NORWICH —The annual conference of Chenango County Public Historians was held at the Historic Log Cabin Park in Sherburne on Sunday, May 21.
It was held by the county historian to support the work of the town and village historians in Chenango County. The event was hosted by Kay Baker, the Town of Sherburne Historian, with assistance from Lee Perrin and Charlotte Sherwood of the Sherburne Historical Society. The other historians in attendance were Mike Wade, the newly appointed Guilford Town Historian, Clay Welch, the Norwich Town Historian, Michael Sheridan, the Otselic Town Historian, Vicky House, the Oxford Town Historian, Jerry E. Sayles, the Pharsalia Town Historian, Dale Pennington, the newly appointed Plymouth Town Historian, Kurt Riegel, the Acting Coventry Historian, Julie Kupris, Historical Research Assistant, Henry J. Drexler, the Chenango County Historian and his deputy, John Antonowicz. Patricia F. Scott, a registered historian and one of last year's recognized Master Chenango Historians, was also present.

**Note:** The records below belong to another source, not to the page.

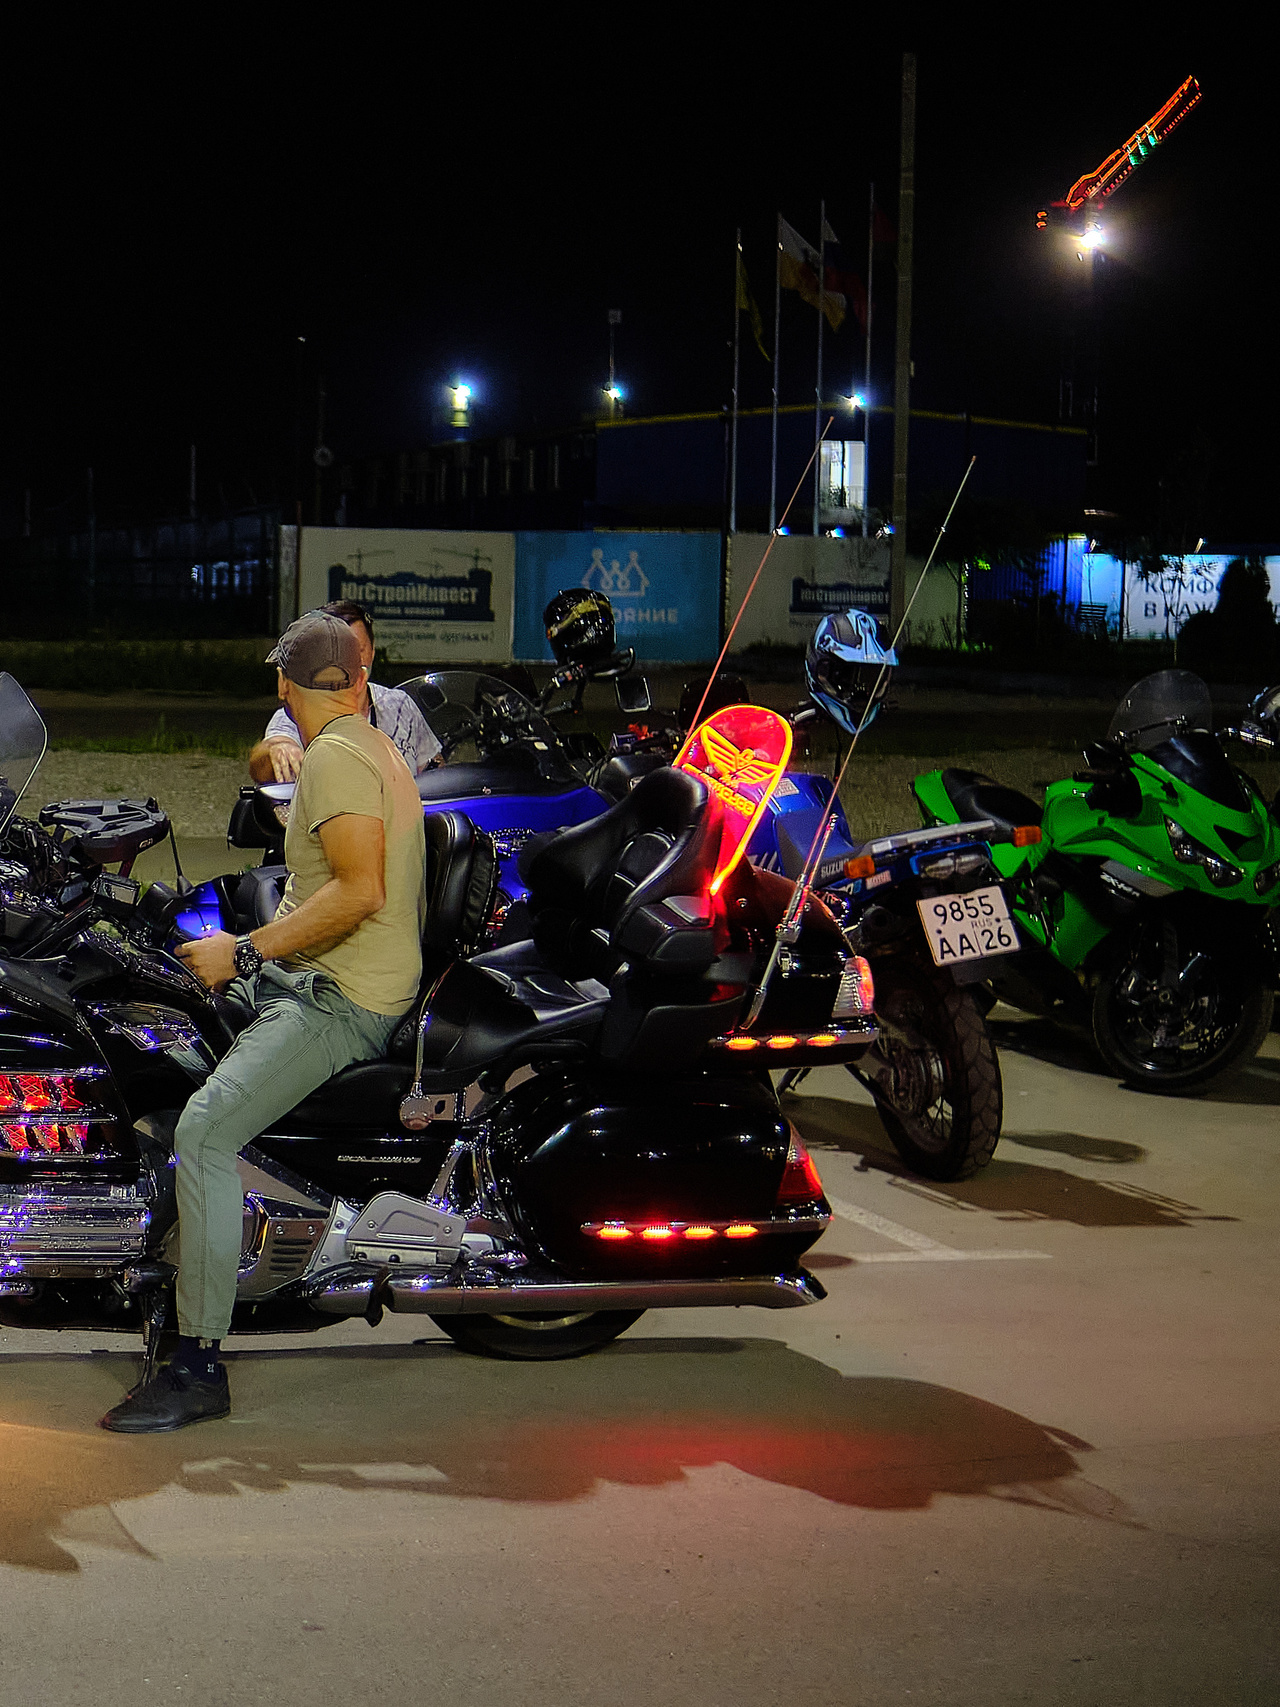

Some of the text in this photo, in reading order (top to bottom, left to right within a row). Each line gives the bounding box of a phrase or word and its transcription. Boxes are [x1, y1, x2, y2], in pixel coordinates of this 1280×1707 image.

[1144, 577, 1221, 595] КОМФ
[933, 894, 994, 925] 9855
[971, 918, 993, 929] RUS
[981, 926, 1012, 950] 26
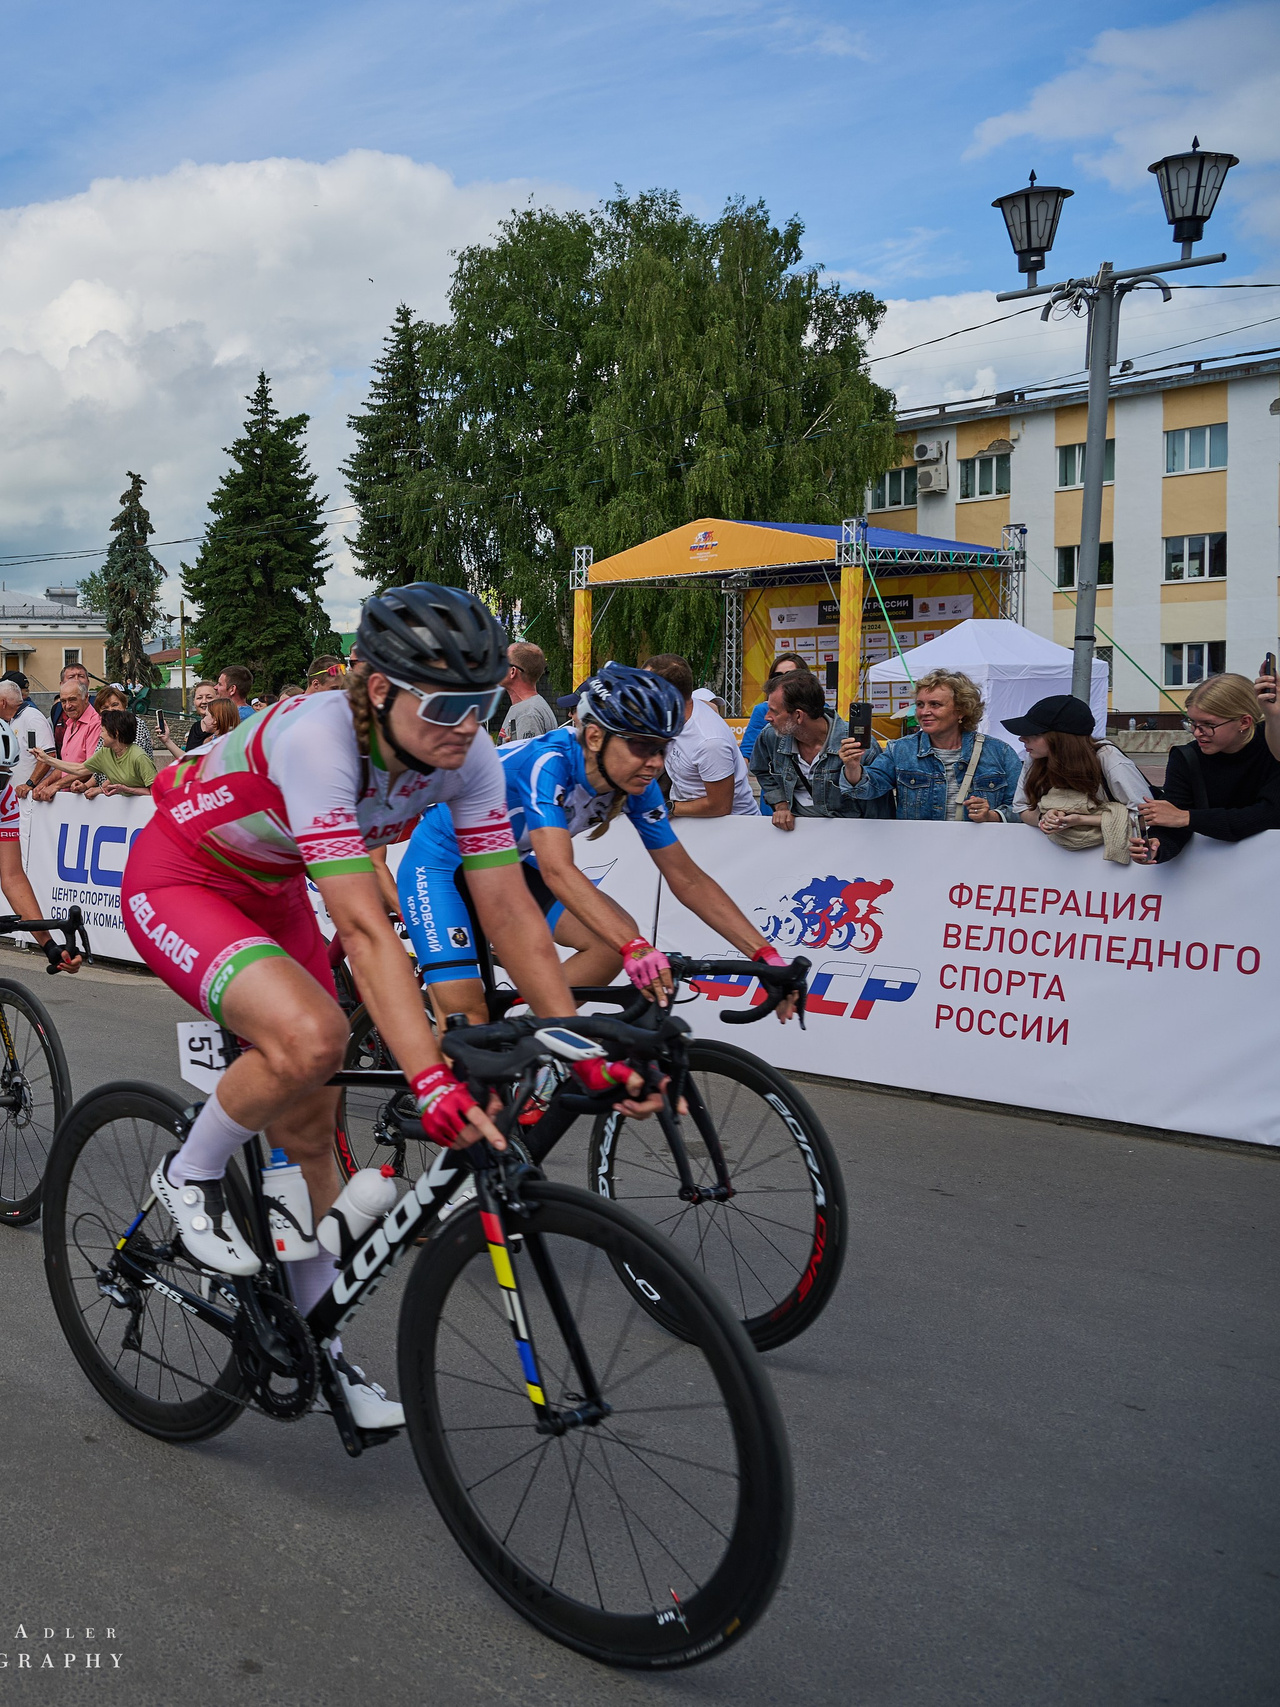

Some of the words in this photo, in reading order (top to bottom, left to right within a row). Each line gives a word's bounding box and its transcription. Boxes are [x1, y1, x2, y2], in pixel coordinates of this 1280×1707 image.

[170, 785, 235, 824] BELARUS
[52, 886, 78, 902] ЦЕНТР
[79, 890, 121, 908] СПОРТИВ
[406, 895, 420, 926] КРАЙ
[415, 866, 441, 953] ХАБАРОВСКИЙ
[948, 882, 1163, 923] ФЕДЕРАЦИЯ
[128, 892, 200, 974] BELARUS
[942, 922, 1262, 976] ВЕЛОСИПЕДНОГО
[938, 963, 1067, 1003] СПОРТА
[934, 1003, 1070, 1047] РОССИИ
[188, 1035, 223, 1071] 57
[763, 1092, 827, 1207] BORA
[332, 1148, 458, 1305] LOOK
[141, 1273, 184, 1305] 785

The Chenango County Historical Society was represented at the conference by its President, Taylor Zieno and collections manager, Zachary Greenfield. There were also several friends of Chenango County history in the audience, including Diane Branham, Karol Kucinski and Mary Weidman.

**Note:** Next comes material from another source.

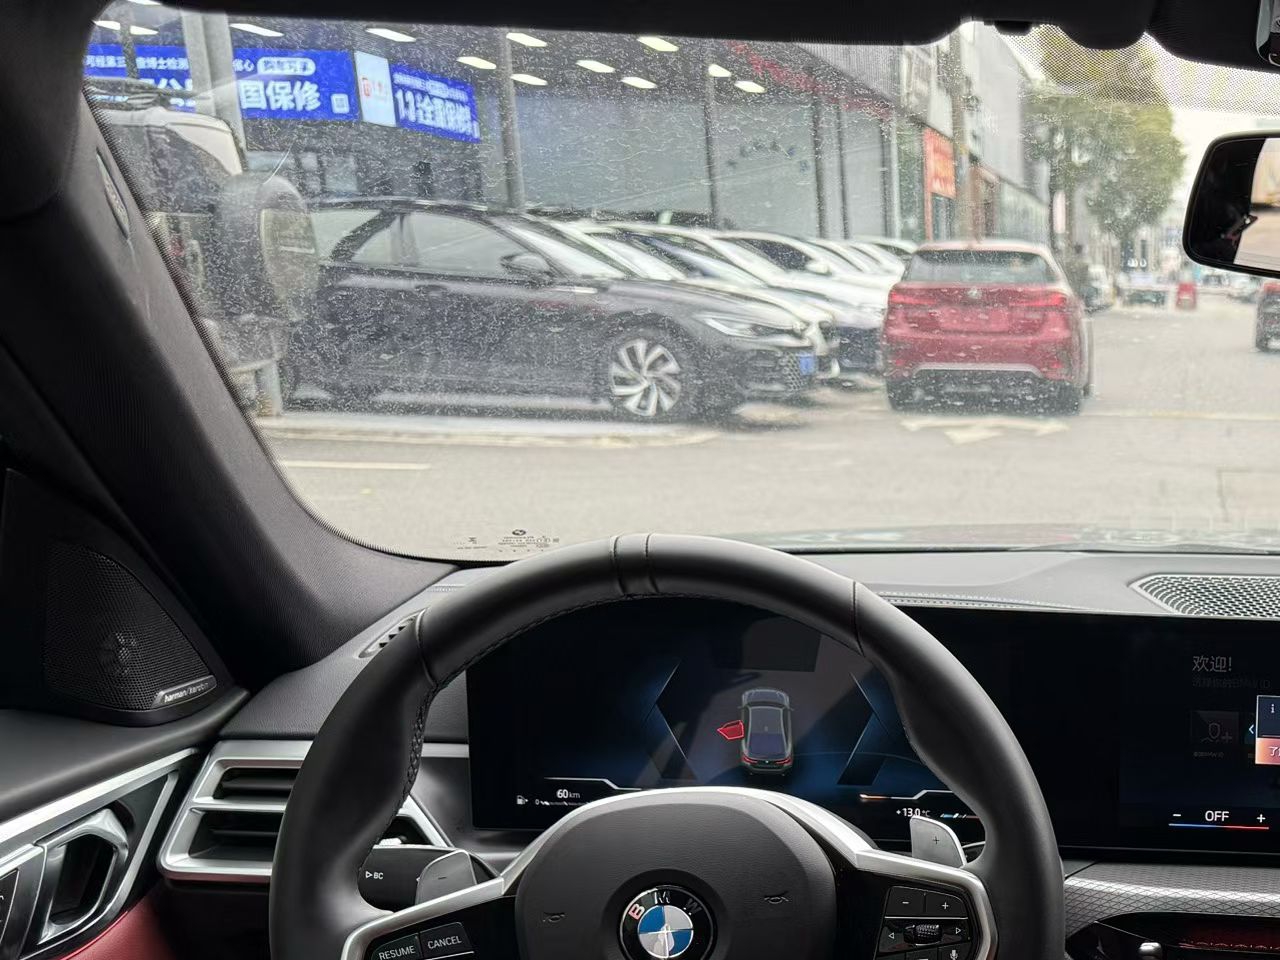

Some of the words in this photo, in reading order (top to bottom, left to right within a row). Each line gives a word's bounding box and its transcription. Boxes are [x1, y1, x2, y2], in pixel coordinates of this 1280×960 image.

Matthew Urtz, the Madison County Historian, kicked off the program, with a presentation about engaging the public with local history.
Kay Baker then spoke about the Sherburne Historical Society's recent acquisition of a collection of paintings by the Sherburne artist, Henry Plumb. She was followed by Michael Foor-Pessin of South Otselic, a local Grace Brown authority. He gave a presentation about the tragic life of Maude Wright who, like Grace Brown, was a native of Otselic and became pregnant out of wedlock. Rejected by her family, Maude was temporarily admitted to the county poorhouse and subsequently institutionalized for the rest of her life at the Newark Custodial Asylum for Feeble-Minded Women of Child-Bearing Age. Mr. Foor-Pessin's research indicates this fate was once apparently common in New York State, and throughout the United States, for similarly situated women without an independent means of support.
This year two outstanding women, Sharon M. Donahe and A. Gail Merian were recognized as Master Chenango Historians for their work promoting, preserving, and interpreting the history of Chenango County.
In addition, Scott Parsons, the long serving president of the Guilford Historical Society was recognized as a "Friend of Chenango County History" for his support of local history.